Saturday, February 13, 2016

The Rich Get Richer and Live Longer Too

There has been an increasing discussion about wealth and income inequality in the United States, and those inequities spill over--not surprisingly--into life expectancy differences. An article in today's NYTimes (and thanks to Professor Rumbaut for pointing this one out to me) discusses the data
Experts have long known that rich people generally live longer than poor people. But a growing body of data shows a more disturbing pattern: Despite big advances in medicine, technology and education, the longevity gap between high-income and low-income Americans has been widening sharply.
The poor are losing ground not only in income, but also in years of life, the most basic measure of well-being. In the early 1970s, a 60-year-old man in the top half of the earnings ladder could expect to live 1.2 years longer than a man of the same age in the bottom half, according to an analysis by the Social Security Administration. Fast-forward to 2001, and he could expect to live 5.8 years longer than his poorer counterpart.
New research released on Friday contains even more jarring numbers. Looking at the extreme ends of the income spectrum, economists at the Brookings Institution found that for men born in 1920, there was a six-year difference in life expectancy between the top 10 percent of earners and the bottom 10 percent. For men born in 1950, that difference had more than doubled, to 14 years.
The article points out that the causes of these disparities are not clear. Smoking certainly plays a role--the higher your income, the less likely you are to smoke. Cancer treatments, which can be very expensive even if you have insurance, are also more accessible to the rich than to the poor. But a range of factors may be at work.
At the heart of the disparity, said Elizabeth H. Bradley, a professor of public health at Yale, are economic and social inequities, “and those are things that high-tech medicine cannot fix.”
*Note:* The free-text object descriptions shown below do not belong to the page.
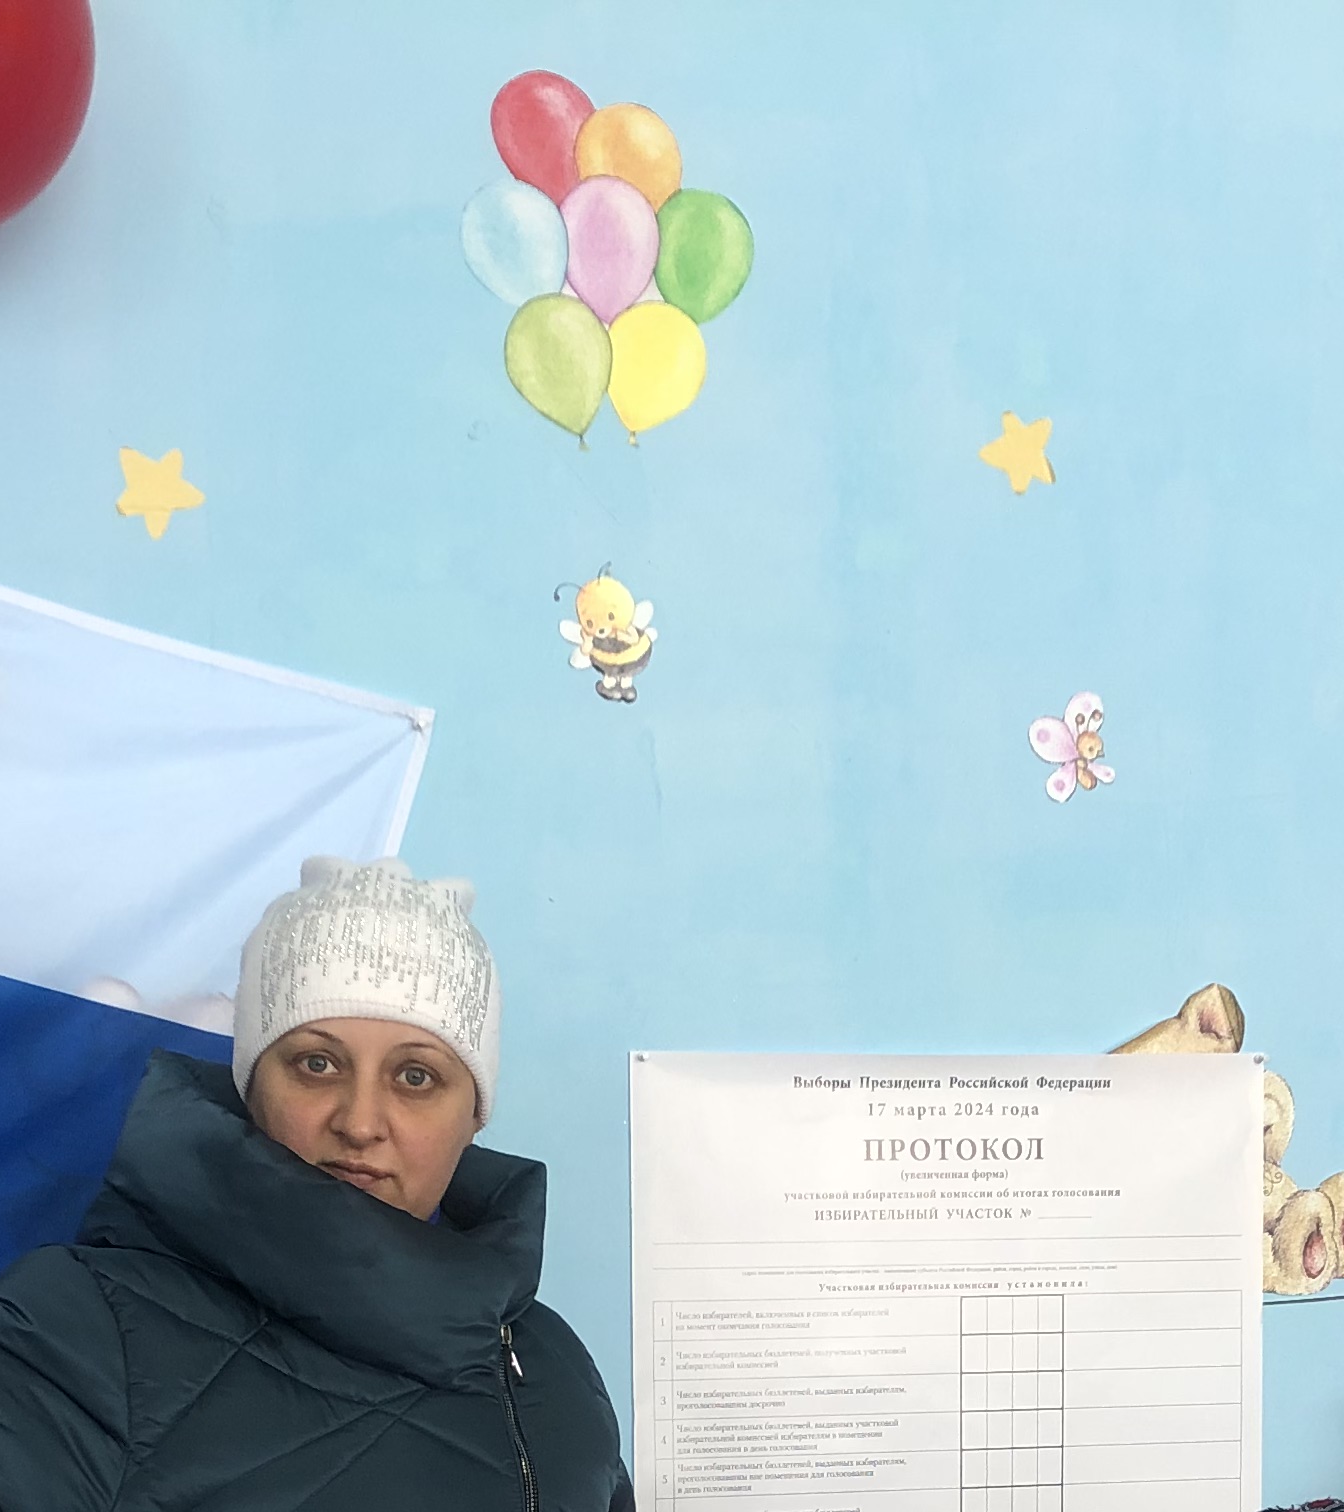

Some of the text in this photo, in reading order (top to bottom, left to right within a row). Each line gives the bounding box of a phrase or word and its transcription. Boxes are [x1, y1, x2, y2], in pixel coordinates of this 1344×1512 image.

[793, 1076, 1110, 1091] Выборы Президента Российской Федерации
[869, 1102, 1039, 1120] 17 марта 2024 года
[863, 1137, 1044, 1162] ПРОТОКОЛ
[900, 1170, 1010, 1182] (увеличенная форма)
[784, 1190, 848, 1203] участковой
[852, 1189, 936, 1202] избирательной
[940, 1191, 992, 1199] комиссии
[996, 1188, 1009, 1198] об
[814, 1208, 1031, 1221] ИЗБИРАТЕЛЬНЫЙ УЧАСТОК №
There is no doubt that the relatively low life expectancy among the poor in the U.S. is what drags the country down compared to other rich countries. And, of course, the one difference between the U.S. and all other rich countries (such as Canada, where disparities of these kind don't exist, according to the story), is that the U.S. does not have universal health care. We pay more than anyone else, but get less return on our health dollars than anyone else.